Based on statistics like these—constantly repeated in the national media—it’s easy to believe that Florida real estate is on sale for fifty cents on the dollar. Problem is, it’s just not true.
If you sell real estate in Florida like I do, I’m sure you’ve had an experience like mine. An old acquaintance from up north, or a lead from your web site, sends an email asking about oceanfront property. Inevitably, they’re looking for 1,500 to 2,000 square feet, 2 or 3 bedrooms, and in the range of $50,000 to $75,000.
This is the Florida real estate “perception bubble” at work. And I’m getting pretty good at bursting it.

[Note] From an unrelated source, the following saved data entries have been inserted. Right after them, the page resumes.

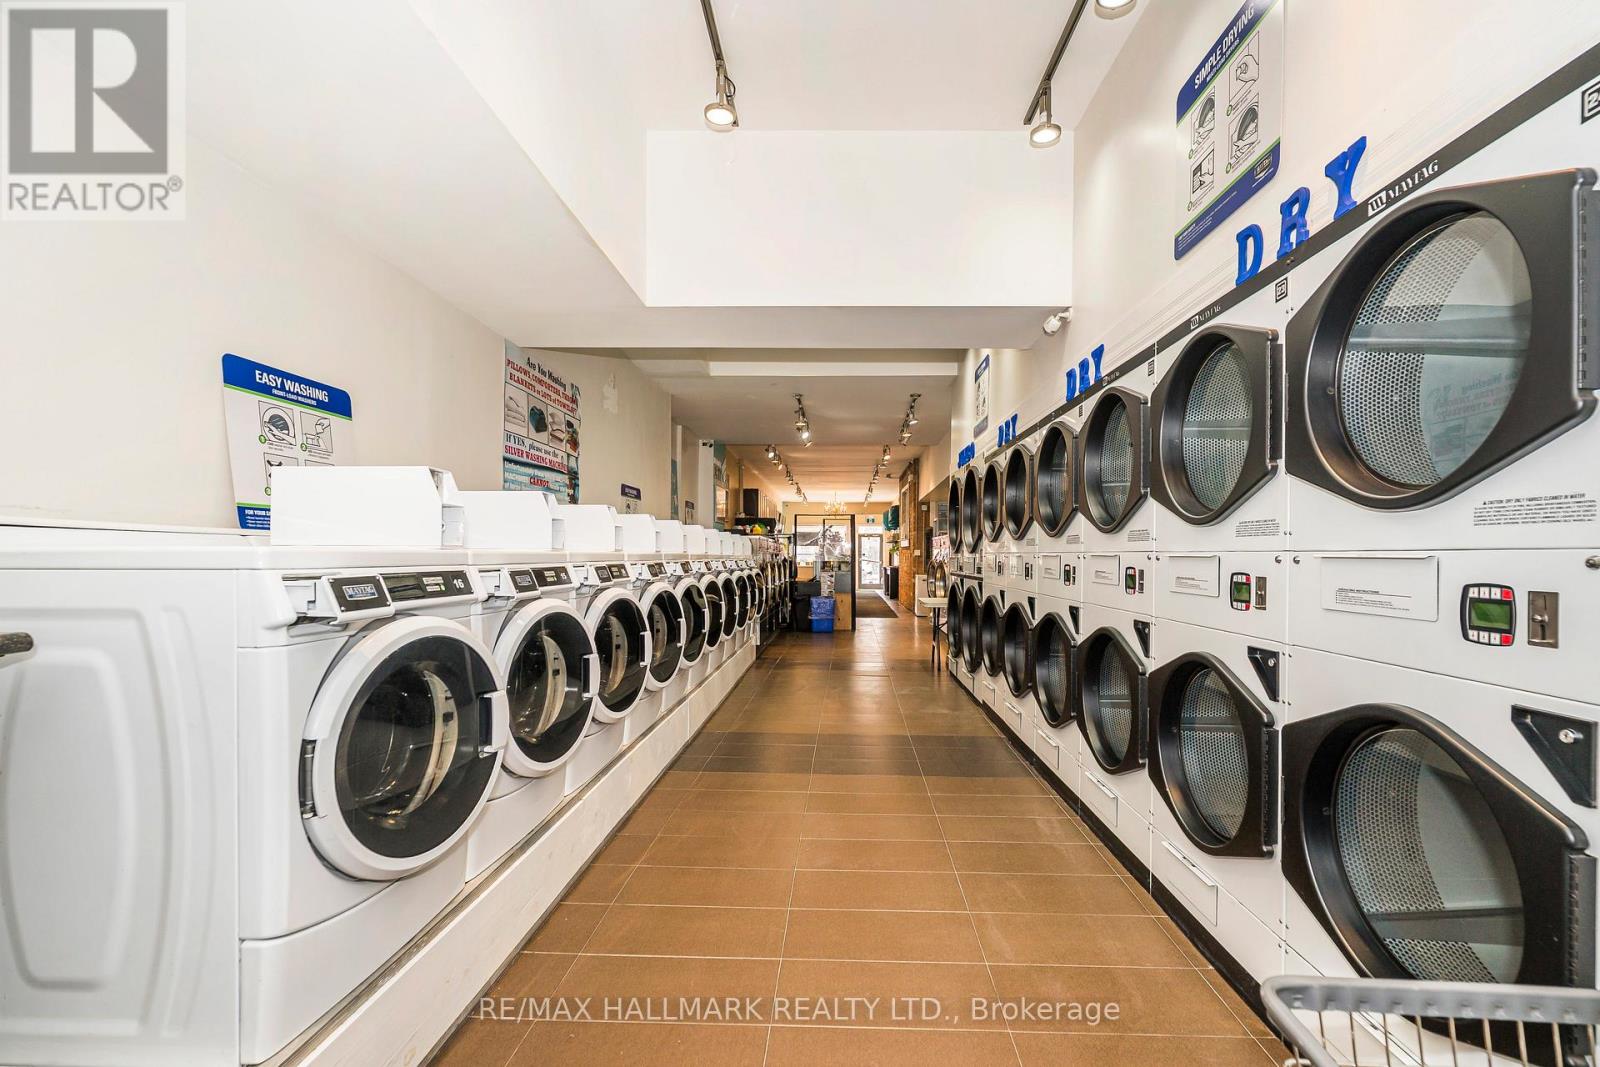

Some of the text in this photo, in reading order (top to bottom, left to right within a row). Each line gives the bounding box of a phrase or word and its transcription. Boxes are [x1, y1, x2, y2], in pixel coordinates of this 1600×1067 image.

[1194, 3, 1255, 89] SIMPLE DRYING
[1388, 159, 1439, 201] MAYTAG
[1235, 136, 1367, 287] DRY
[255, 370, 329, 402] EASY WASHING
[509, 372, 536, 393] BLANKETS
[527, 357, 567, 392] Are You Washing
[1066, 343, 1105, 403] DRY
[997, 413, 1018, 448] DRY
[505, 445, 525, 458] SILVER
[525, 451, 548, 466] WASHING
[528, 442, 543, 453] please
[345, 585, 375, 595] MAYTAG
[453, 578, 465, 589] 16

Yes, I know. There are properties available in Florida that fit this description. But does the roof leak? Are there any assessments on the horizon? Is it a complex that’s less than half occupied where income from association fees doesn’t even cover trash removal? Is there mold in the units? Before you know it, that $50,000 condo is a $150,000 or $200,000 albatross. Bubble burst.
Worst of all, it may be this “fire-sale” mentality that’s driving prices in Florida down even more. In other states, buyers and sellers are starting to feel the bottom, and the gap between asking price and actual sales price is beginning to close. Much less so in Florida. Just look at the price reductions in the Jacksonville market.
Regardless of what the media states, Florida is still a great place to live. People are buying and selling property. But perhaps the media and buyers need to get back in touch with the concept of “caveat emptor”. Because if something sounds to good to be true–like a $50,000 oceanfront condo with no strings attached–you can be pretty sure it is too good to be true.